4.  I finally got an "invite" for Hulu plus last Friday.  I signed up a month ago, but apparently the trial version was full.  I don't know if they opened it up to more people or its no longer the trial version.  All I know is I LOVE IT. I can watch every episode of Modern Family (and have).  Right now I'm watching the first few seasons of Grey's Anatomy (I only started watching the show a couple years ago).  Its nice to finally understand some of the things they refer to in later seasons and see it before it got all crazy and insanely unbelievable.  Not that it was all believable, but its much better than now.  I could barely watch Grey's this last year.

5.  We cancelled our cable this spring and what I'm really looking forward to with Hulu Plus is being able to have a season pass to all my shows this year - Law & Order: SVU, House...and I guess thats it because they cancelled the rest of my shows.  (I would like to say, for the record, that I'm furious with whomever decided to cancel Law & Order and come up with some "trendy" LA version.)

6.  Unfortunately, I now have almost all of the Hulu ads memorized.  The Latisse one drives me crazy.  It says its for "inadequate or not enough lashes."  Are they saying thats 2 different things?  Because to me, it sounds like they're defining the word "inadequate."  Do they think people don't know the meaning of the word?
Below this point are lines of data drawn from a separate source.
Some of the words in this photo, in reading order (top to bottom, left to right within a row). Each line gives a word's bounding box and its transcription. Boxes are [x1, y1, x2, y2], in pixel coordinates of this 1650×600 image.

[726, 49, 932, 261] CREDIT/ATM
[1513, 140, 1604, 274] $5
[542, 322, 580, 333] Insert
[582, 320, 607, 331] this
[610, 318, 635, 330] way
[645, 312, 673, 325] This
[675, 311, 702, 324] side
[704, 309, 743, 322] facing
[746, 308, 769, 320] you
Are there people who honestly don't know what "inadequate" means?  And if so, are those really the kind of people who are going to be paying for expensive eye drops to grow longer eyelashes? 

Now that I look at their website, it looks like it might mean the lashes are too thin.  As in, you have lashes, but they're inadequate.  If so, they should just say "thin or not enough lashes."  Whatever it is, they're either unclear or telling us we're stupid.
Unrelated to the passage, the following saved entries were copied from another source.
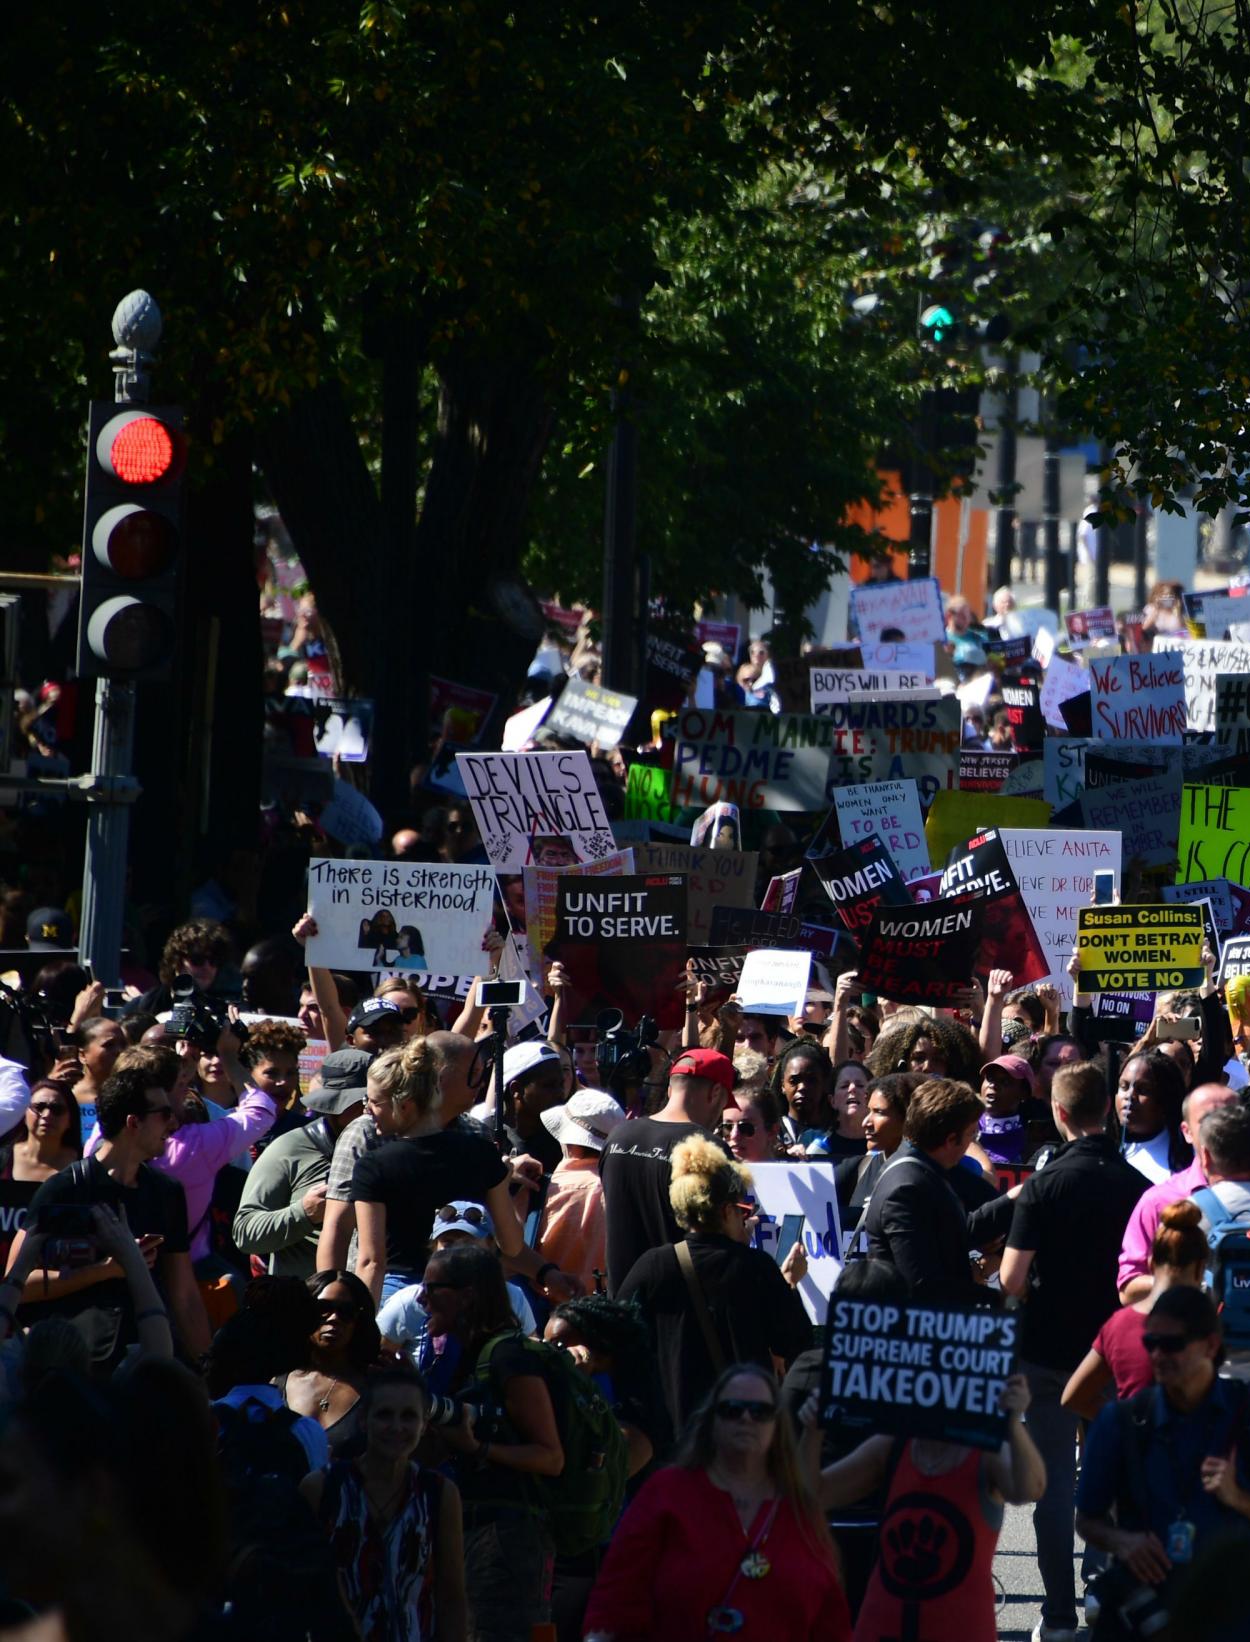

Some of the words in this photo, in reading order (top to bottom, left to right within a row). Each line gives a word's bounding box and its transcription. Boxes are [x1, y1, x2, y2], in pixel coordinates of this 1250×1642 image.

[813, 672, 856, 692] BOYS
[1091, 664, 1122, 695] We
[466, 755, 582, 796] DEVIL'S
[837, 756, 873, 779] IS
[959, 767, 1010, 779] BELIEVES
[471, 791, 609, 834] TRIANGLE
[836, 798, 872, 809] WOMEN
[861, 806, 888, 817] WANT
[1183, 786, 1240, 831] THE
[851, 819, 874, 835] TO
[881, 815, 902, 831] BE
[1006, 839, 1057, 858] ELIEVE
[1062, 841, 1112, 858] ANITA
[1184, 840, 1207, 884] IS
[311, 861, 373, 885] There
[332, 885, 350, 904] in
[565, 892, 649, 914] UNFIT
[564, 916, 594, 938] TO
[600, 915, 680, 938] SERVE.
[879, 909, 973, 938] WOMEN
[1085, 911, 1132, 926] Susan
[1138, 910, 1198, 924] Collins:
[872, 936, 945, 957] MUST
[1079, 933, 1130, 948] DON'T
[1136, 931, 1201, 947] BETRAY
[1104, 950, 1176, 964] WOMEN.
[1096, 974, 1149, 988] VOTE
[1156, 972, 1184, 986] NO
[1101, 1000, 1115, 1013] NO
[1116, 1001, 1130, 1014] ON
[834, 1301, 899, 1334] STOP
[905, 1309, 1016, 1347] TRUMP'S
[831, 1333, 934, 1367] SUPREME
[939, 1346, 1015, 1376] COURT
7.  I cannot remember to give Meg her medicine for the life of me.  I was a pharmacy technician for 7 years (while I was in school, so part-time) and I have heard pharmacists tell people "you have to finish all of the antibiotics, even if you feel better" thousands of times.  Maybe even hundreds of thousands of times.  I GET IT.  My mom is a nurse, so she felt strongly about this, too.  I think I can say I have never, not once, in my entire life, received a prescription for an antibiotic and not finished it.  I take every single pill.  But for some reason, when Meg gets sick (she has an ear infection), I do great for the first two days, then I forget the whole thing.  She got this prescription on Tuesday and since I gave her some yesterday (Thursday) morning, I haven't thought of it at all.  Luckily, Thomas has remembered, but every time he says we should give her medicine, it hasn't even crossed my mind.  I set it right next to the whole milk, so when I get her a bottle first thing in the morning or before bed (she takes the medicine twice a day), I'll see it and remember.  For the first two days, I do.  But after that, I'm no longer surprised to see it sitting there, so I see it without really seeing it, if you know what I mean?  Its a problem.  I think I'll have to put big sticky notes all around the house saying ANTIBIOTIC.  And move them every other day so I don't stop noticing them.  Or write it on Meg's forehead.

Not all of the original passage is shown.